Entfristung bei der Deutschen Post nur für Gesunde

Rechtlich in Ordnung, moralisch problematisch

Lüneburg: Ein Briefträger der Deutschen Post fährt mit dem Fahrrad durch die Innenstadt
Entfristung nur für gesunde Arbeitnehmer: Ist die Deutsche Post transparent - oder unmenschlich? © dpa / picture alliance / Philipp Schulze
Christoph Lütge im Gespräch mit Vladimir Balzer und Axel Rahmlow · 07.05.2018
Aktuell steht die Post in der Kritik, weil sie von ihren Mitarbeitern wenig Krankentage verlangt, um für eine Entfristung infrage zu kommen. Der Wirtschaftsethiker Christoph Lütge kann die Bedingungen der Post nachvollziehen – unter bestimmten Umständen.
Die Deutsche Post entfristet bevorzugt die Verträge von Arbeitnehmern, die wenige Krankheitstage haben oder die möglichst unfallfrei arbeiten – und steht dafür seit dem Wochenende in der Kritik. "Es ist wohl rechtlich in Ordnung", sagt Christoph Lütge, Wirtschaftsethiker an der TU München. "Aber auch moralisch nicht unproblematisch." Der Kernpunkt hier sei die Frage, ob der Arbeitnehmer daran etwas beeinflussen könne oder nicht.
"Was ich ganz gut daran finde, ist, dass man es von vornherein klar sagt - also diese Regel und die Kriterien für diese Entfristung klarmacht.
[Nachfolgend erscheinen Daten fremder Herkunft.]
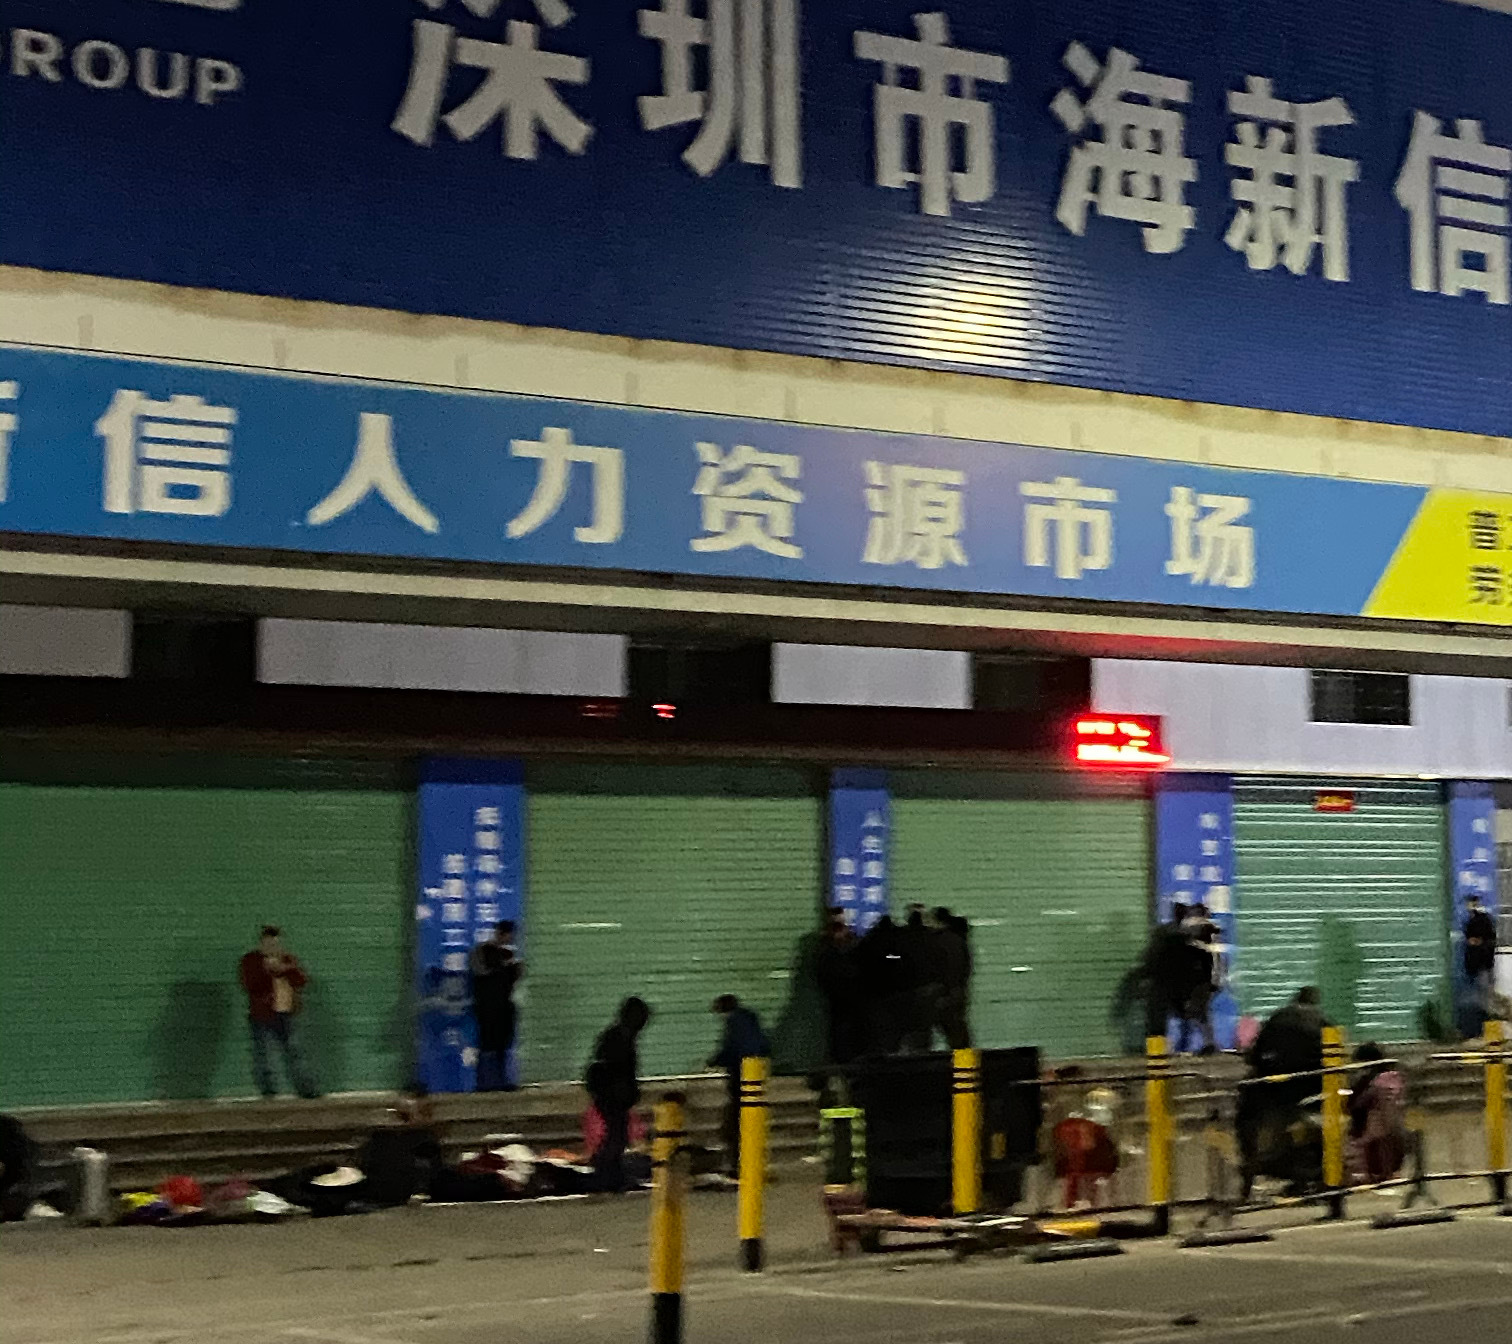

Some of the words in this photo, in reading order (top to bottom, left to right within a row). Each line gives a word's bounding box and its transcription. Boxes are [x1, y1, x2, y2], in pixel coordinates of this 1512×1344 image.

[9, 27, 244, 105] ROUP
[0, 381, 1257, 589] 信人力资源市场
Das ist heutzutage eher nicht so gegeben." Doch zwiegespalten sei er trotzdem, sagt Lütge, denn das Unternehmen müsse sicher stellen, dass Krankheiten nicht verschleppt werden.
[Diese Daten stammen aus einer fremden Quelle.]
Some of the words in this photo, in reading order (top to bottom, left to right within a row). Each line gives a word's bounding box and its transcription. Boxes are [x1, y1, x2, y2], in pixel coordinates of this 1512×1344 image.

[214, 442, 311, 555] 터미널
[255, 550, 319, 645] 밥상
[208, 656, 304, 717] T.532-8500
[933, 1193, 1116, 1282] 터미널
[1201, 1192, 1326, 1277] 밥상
Veraltete Vorstellung der Arbeitswelt

Und dieses Konzept müsse auch nach einiger Zeit evaluiert werden. "Führt das zum Beispiel dazu, dass Mitarbeiter stärker zu einer inneren Kündigung kommen oder dass sie nicht mehr motiviert sind - das sind Dinge, die natürlich auch nicht im Interesse des Arbeitgebers liegen", sagt Lütge.
Disziplinierungsmaßnahmen für Mitarbeiter sollten transparent sein und nicht bestimmte Gruppen benachteiligen, so Lütge, wie zum Beispiel Frauen, wenn sie in den Mutterschutz gingen. "Ich erhoffe mir, dass man Klarheit gewinnt über diese Regeln, die zur Entfristung führen, die dazu führen, dass jemand angestellt wird oder nicht und dass die Menschen Klarheit darüber erlangen, warum sie zu ihren dauerhaften Arbeitsverhältnissen kommen oder auch nicht."
Jedoch nur noch unbefristete Arbeitsverhältnisse zu haben, könne auch nicht das Ziel sein. "Das geht von einer Vorstellung von Arbeitswelt aus, dass jemand 40 Jahre im gleichen Betrieb bleibt – so wie es früher einmal war, aber das hat sich ja nun schon lange gewandelt." Befristete Arbeitsverhältnisse gäben beiden Seiten mehr Flexibilität – dem Arbeitgeber genauso wie dem Arbeitnehmer.